New Marketplace
New Risk, New Business Models

New Health Care Risks Present Opportunities

Blog Post · October 24, 2016

For decades, health care was among the least risky business sectors. Providers were ensured a margin under cost-plus reimbursement. Insurers avoided risk by engaging in massive amounts of underwriting and passing through expected costs, or passing on business altogether if margins were questionable. And drug and device manufacturers found patients and their physicians eager to embrace the latest innovations, as neither faced direct pressure to compare incremental costs with incremental benefits. For years, the drug and device sectors consistently generated some of the highest returns on the stock exchange.
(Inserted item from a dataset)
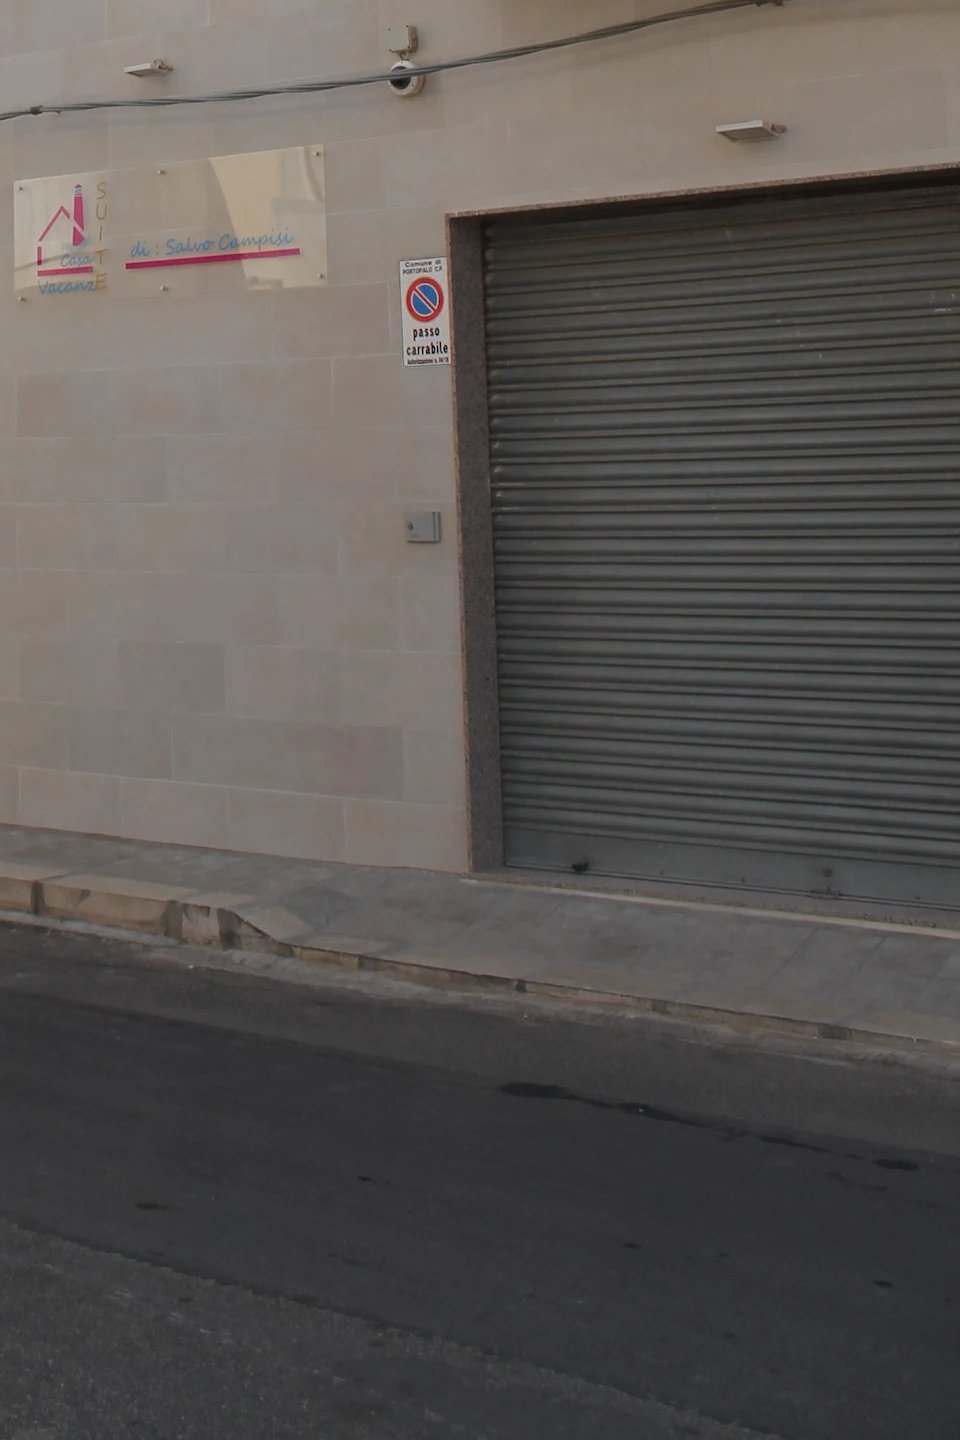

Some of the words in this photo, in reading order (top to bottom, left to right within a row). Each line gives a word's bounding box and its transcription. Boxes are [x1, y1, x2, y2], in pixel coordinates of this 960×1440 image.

Health care today is a much riskier proposition for all of these parties. Providers are facing bundled payments and shared savings schemes with downside risk. Insurers must take all comers and are losing billions as they try to guess at the health and utilization patterns of enrollees in the public health insurance marketplaces. Investment in devices has ground to a halt, and pharmaceutical companies — which already face tougher negotiations with insurers and PBMs — must now brace for the possibility of heavier regulatory oversight on price-setting, or even government-negotiated prices.
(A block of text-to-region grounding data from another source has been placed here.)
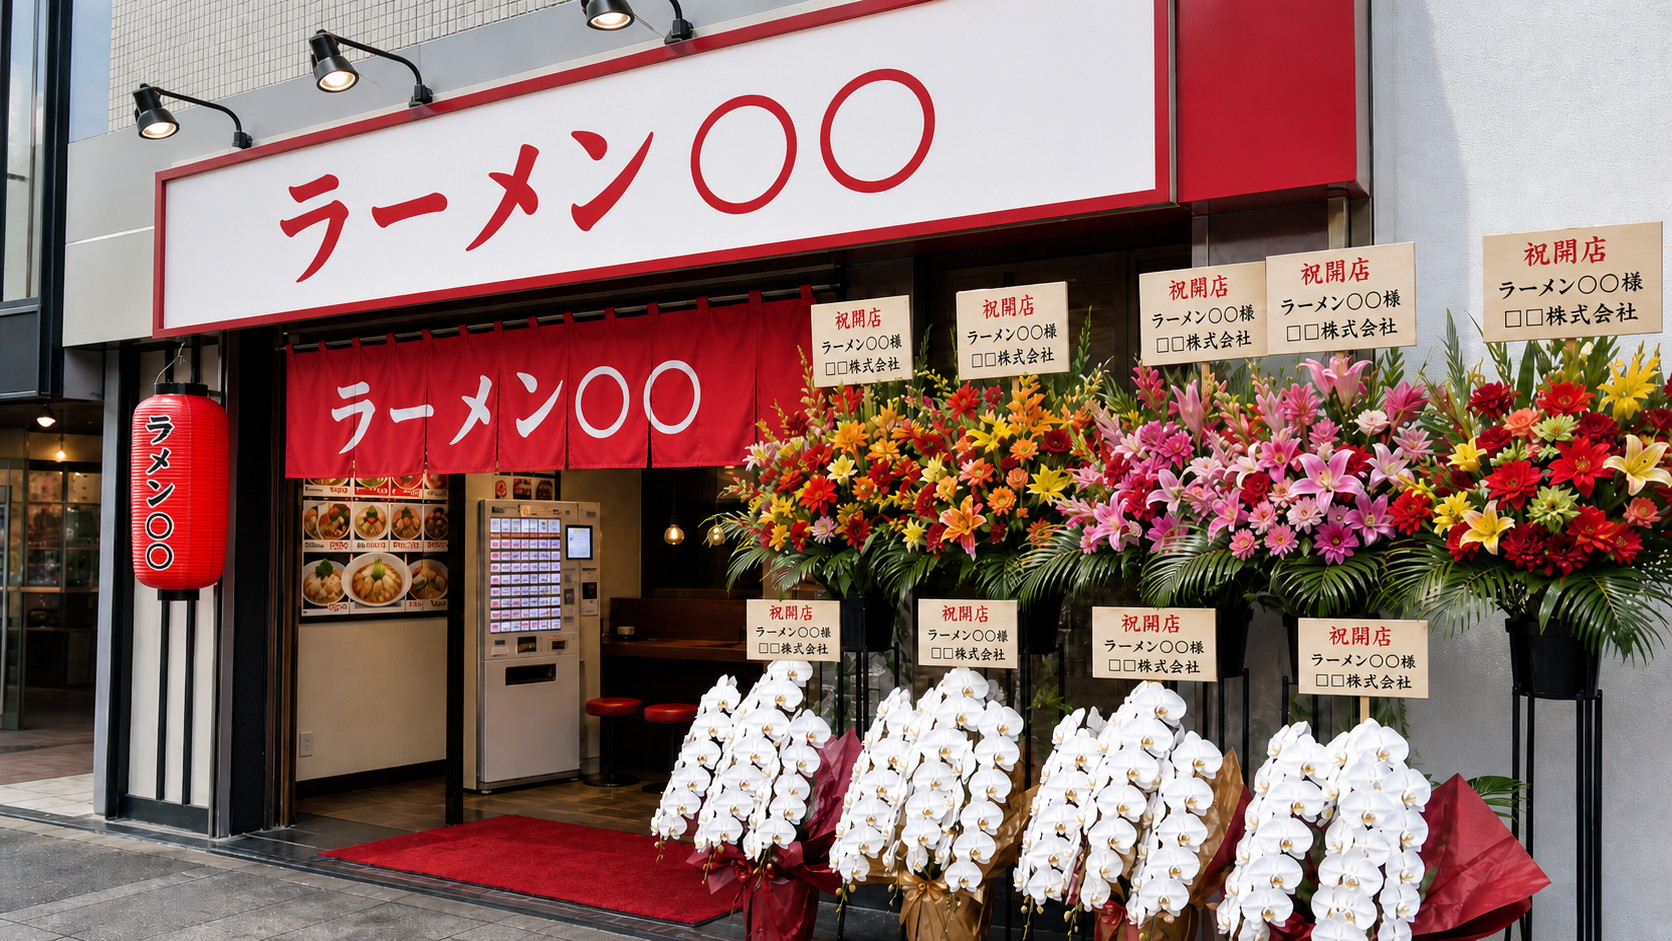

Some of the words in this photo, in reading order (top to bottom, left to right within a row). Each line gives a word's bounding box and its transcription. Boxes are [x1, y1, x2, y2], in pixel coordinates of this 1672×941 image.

[1524, 236, 1606, 266] 祝開店
[1301, 257, 1370, 285] 祝開店
[1169, 275, 1228, 300] 祝開店
[983, 294, 1034, 319] 祝開店
[835, 307, 881, 329] 祝開店
[770, 605, 813, 620] 祝開店
[942, 605, 988, 622] 祝開店
[1122, 614, 1180, 633] 祝開店
[1329, 626, 1392, 646] 祝開店
Yet where there is risk, there is opportunity.

The opportunity for new entrants is most apparent. For example, whole industries have arisen to support providers in the transition to fee-for-value. These span the gamut from consultancies focusing on ACO formation to information technology vendors developing products to enable these new ventures. The willingness of state Medicaid programs to shift risk to private-sector plans — specifically for patients with special needs — has also sparked new investment and innovation around caring for these vulnerable populations.

New risks rock boats for existing players, of course, potentially causing dramatic shifts in market position. Academic medical centers, formerly at the helm of the medical care kingdom, now face enormous strategic challenges as customers flee to lower-priced hospitals and outpatient rivals siphon off patients in lucrative service lines, such as diagnostic imaging and infusion therapy. On the drug/device side, manufacturers are struggling to redefine their role in a new world devoted to generating health rather than health care. These firms are trying to develop “end-to-end solutions” and partnerships with buyers, rather than adding bells and whistles and counting on buyers to pay for the shiniest new things.
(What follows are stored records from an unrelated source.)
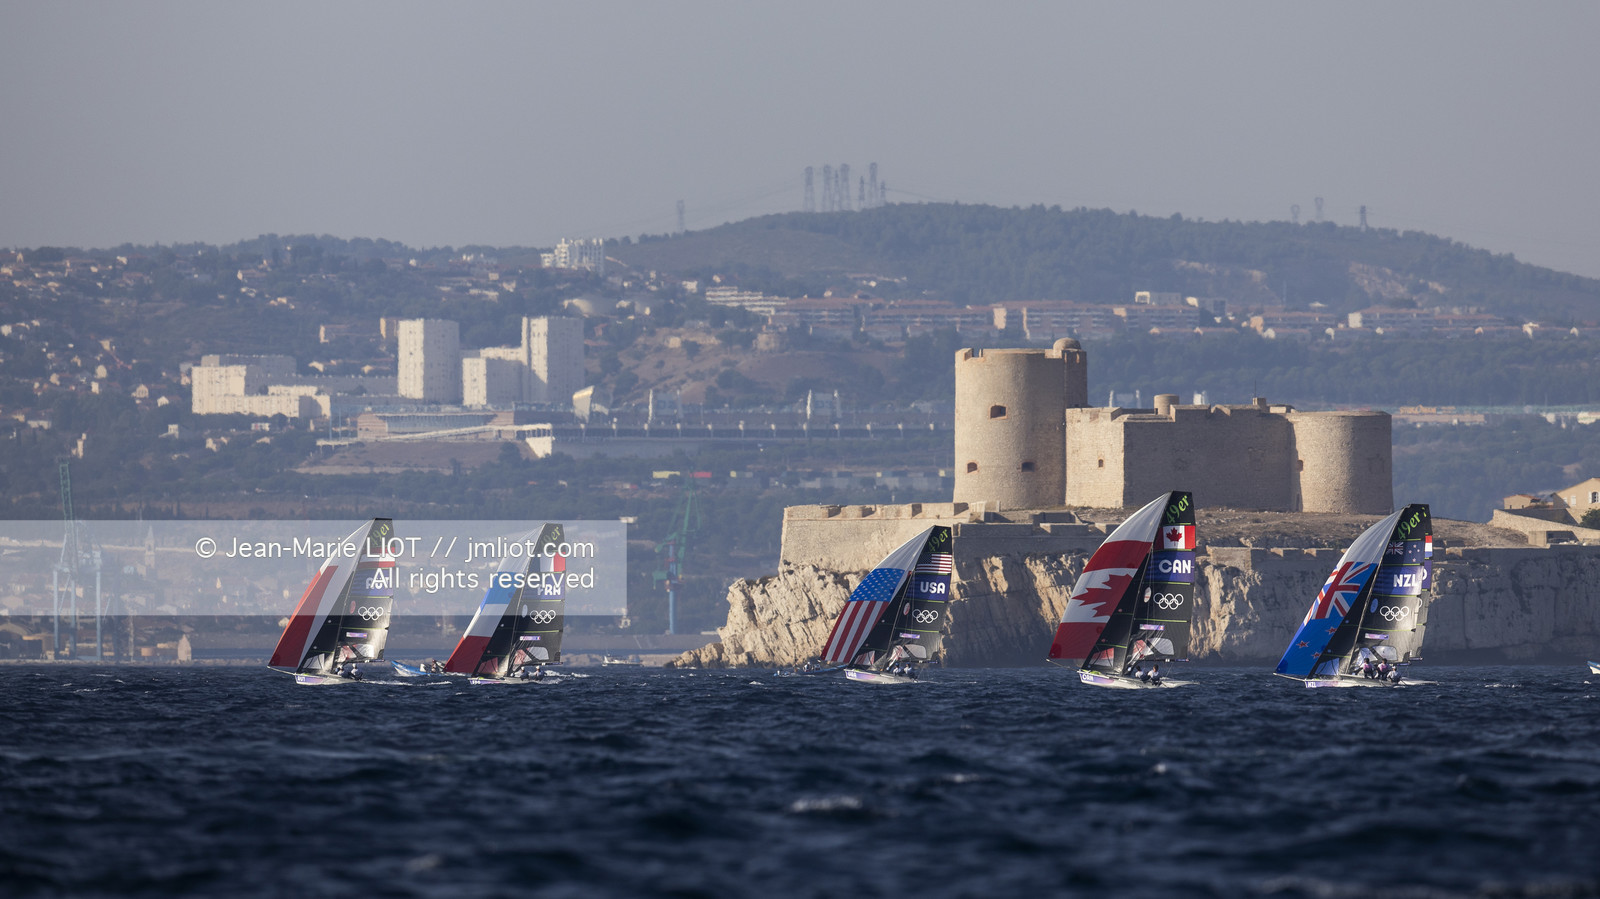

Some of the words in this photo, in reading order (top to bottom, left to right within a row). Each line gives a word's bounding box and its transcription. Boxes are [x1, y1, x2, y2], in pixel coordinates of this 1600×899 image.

[1166, 495, 1189, 524] 49er
[1397, 511, 1421, 541] 49er
[928, 529, 949, 552] 49er
[1158, 559, 1192, 574] CAN
[920, 581, 946, 595] USA
[1393, 573, 1419, 588] NZL
While there is no one-size-fits-all strategy, there is a one-size-fits-all goal: put patients, who are the ultimate customers of health care, first. When organizations put customers first, they gain clarity on which opportunities to pursue and what operational trade-offs to make. As the critical decisions associated with health care spending shift from the negotiating table (insurers versus providers/vendors) to the kitchen table (customers versus providers/vendors), any health care organization seeking a sustainable market position must recognize that objective requires a singular focus on serving the customer best.